The firm undertook a survey with 800 investors and found that because of the ever increasing BTL tax restrictions coupled with the uncertain economic situation, around 82% of landlords have no plans to buy any new properties throughout 2020.
A paltry 13%stated that they would indeed buy at least one more property this year.
The major reasons why landlords will be selling properties are the punitive tax increases and changes, ever changing government legislations constantly dumped onto the private rented sector and the banning of admin/tenant fees.
The other reasons for selling up from the survey include increasing rental costs – 10%, turning their investments into cash – 9%, the fluctuating economic situation – 5%, and the slowing down of house price growth – 4%.
The survey also uncovered that around a third of investors said that they had experienced a lower rental yield in 2019, which undoubtedly will lead to further property sales within the sector.

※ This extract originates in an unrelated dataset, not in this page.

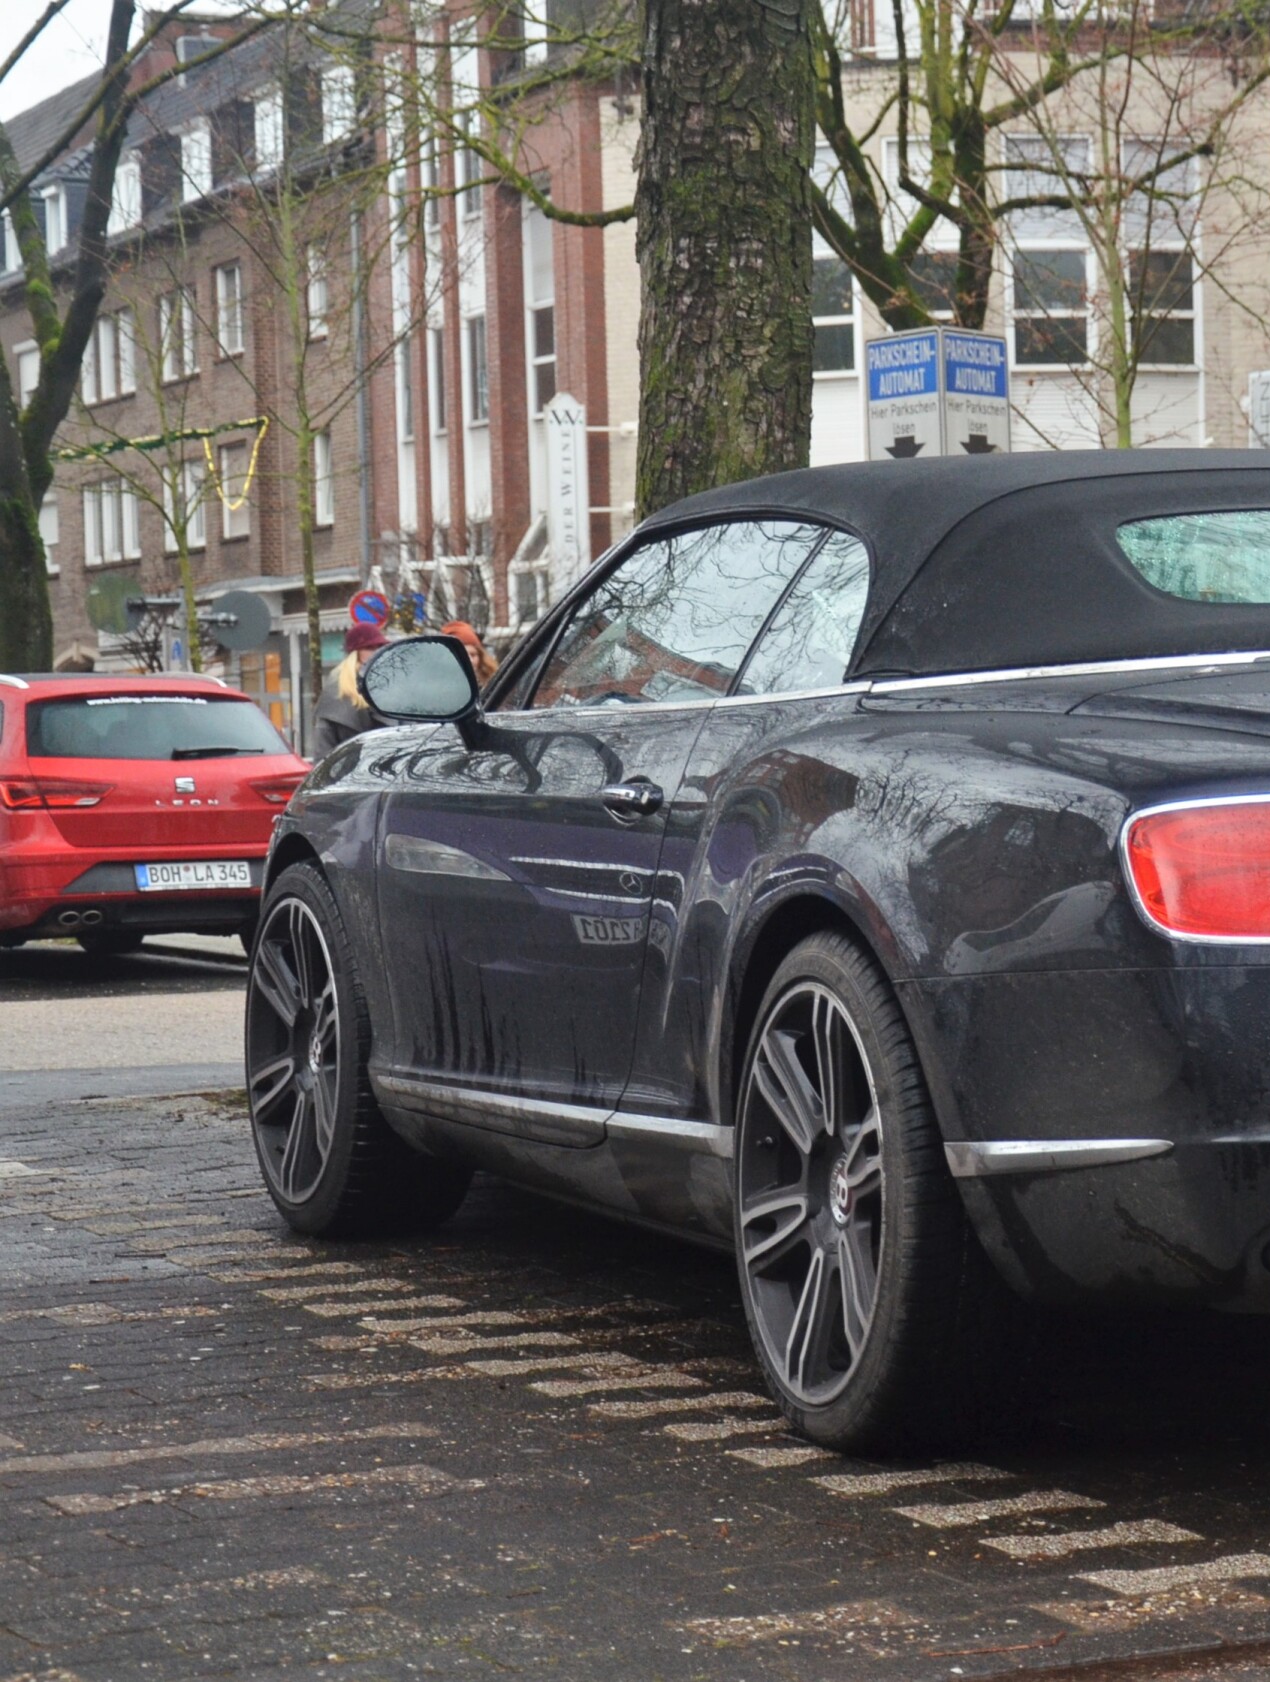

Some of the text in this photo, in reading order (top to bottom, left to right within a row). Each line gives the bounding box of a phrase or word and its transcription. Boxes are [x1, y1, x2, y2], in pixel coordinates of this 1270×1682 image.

27% of landlords predict that they will have to face a reduction in rental yields throughout the year with one in five expecting of around a 5% fall, whereas 6% are forecast a drop in rental yield between 5 and 10%.
Just 2% of landlords believe that the reduction in rental yield will reach between 10 and 15%.
CEO of the business insurance firm, Bea Montoya, said: “Tax increases imposed by the government are proving counter-productive for landlords, while ongoing political and economic uncertainty hasn’t been providing landlords with the confidence they need to stay in the market.
“Any tenants should be made aware of plans to sell as early as possible, and given reassurance their tenancy still stands. When it comes to selling, landlords need to understand any tax implications involved, such as capital gains tax. If the property is sold for more than it was paid for, there will be a capital gains tax liability.”